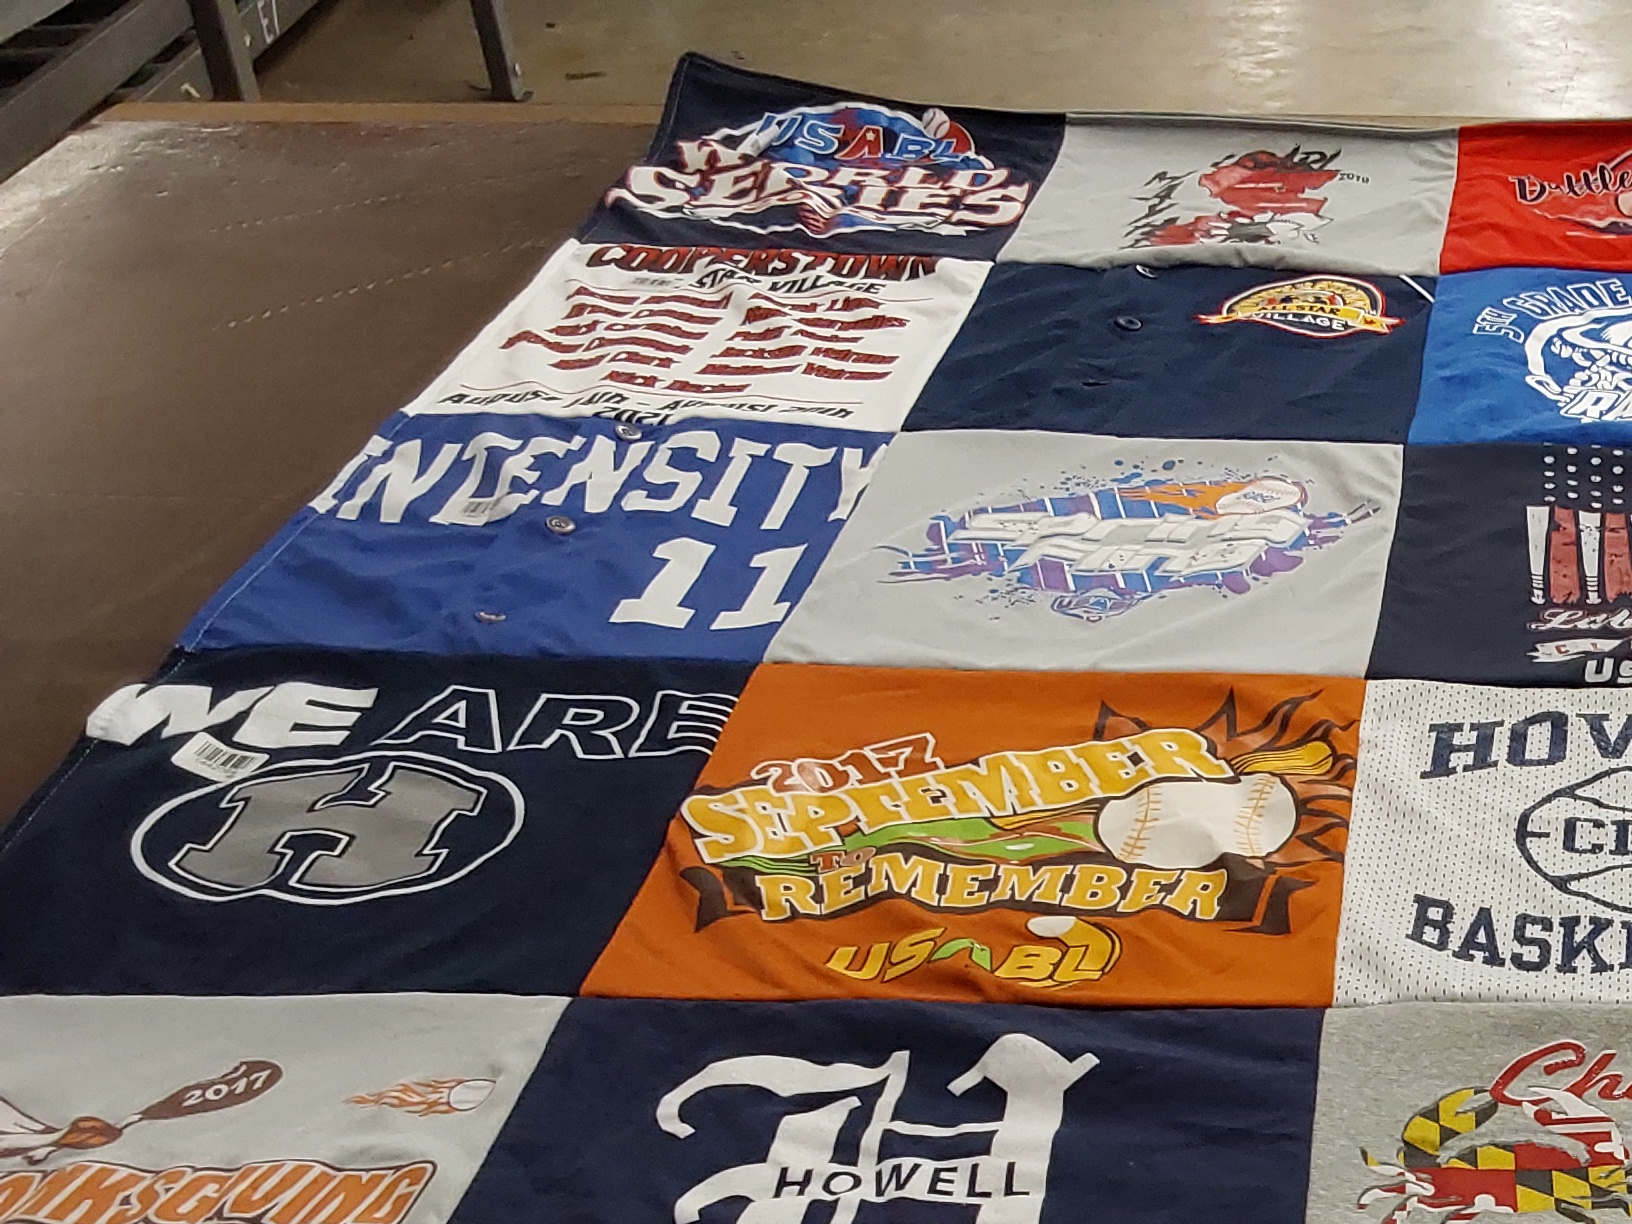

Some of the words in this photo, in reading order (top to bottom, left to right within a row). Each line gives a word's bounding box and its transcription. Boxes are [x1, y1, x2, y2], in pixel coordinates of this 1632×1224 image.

[754, 113, 978, 164] USABL
[606, 163, 1032, 228] SERIES
[586, 243, 939, 281] COOPERSTOWN
[768, 274, 887, 295] VILLAGE
[1251, 311, 1346, 331] VILLAGE
[1503, 278, 1632, 320] GRADE
[308, 431, 888, 531] INTENSITY
[609, 536, 810, 632] 11
[85, 680, 380, 748] WE
[371, 684, 742, 760] ARE
[750, 732, 945, 794] 2017
[681, 726, 1236, 866] SEPTEMBER
[755, 853, 1229, 921] REMEMBER
[808, 845, 878, 875] TO
[826, 914, 1125, 989] USABL
[180, 1069, 271, 1108] 2017
[772, 1160, 1031, 1199] HOWELL

=======

* [Your assignment]
Nothing may be altered when you restate the records, but every picture must be dropped.

* [Completed exercise]
Some of the words in this photo, in reading order (top to bottom, left to right within a row). Each line gives a word's bounding box and its transcription. Boxes are [x1, y1, x2, y2], in pixel coordinates of this 1632×1224 image.

[754, 113, 978, 164] USABL
[606, 163, 1032, 228] SERIES
[586, 243, 939, 281] COOPERSTOWN
[768, 274, 887, 295] VILLAGE
[1251, 311, 1346, 331] VILLAGE
[1503, 278, 1632, 320] GRADE
[308, 431, 888, 531] INTENSITY
[609, 536, 810, 632] 11
[85, 680, 380, 748] WE
[371, 684, 742, 760] ARE
[750, 732, 945, 794] 2017
[681, 726, 1236, 866] SEPTEMBER
[755, 853, 1229, 921] REMEMBER
[808, 845, 878, 875] TO
[826, 914, 1125, 989] USABL
[180, 1069, 271, 1108] 2017
[772, 1160, 1031, 1199] HOWELL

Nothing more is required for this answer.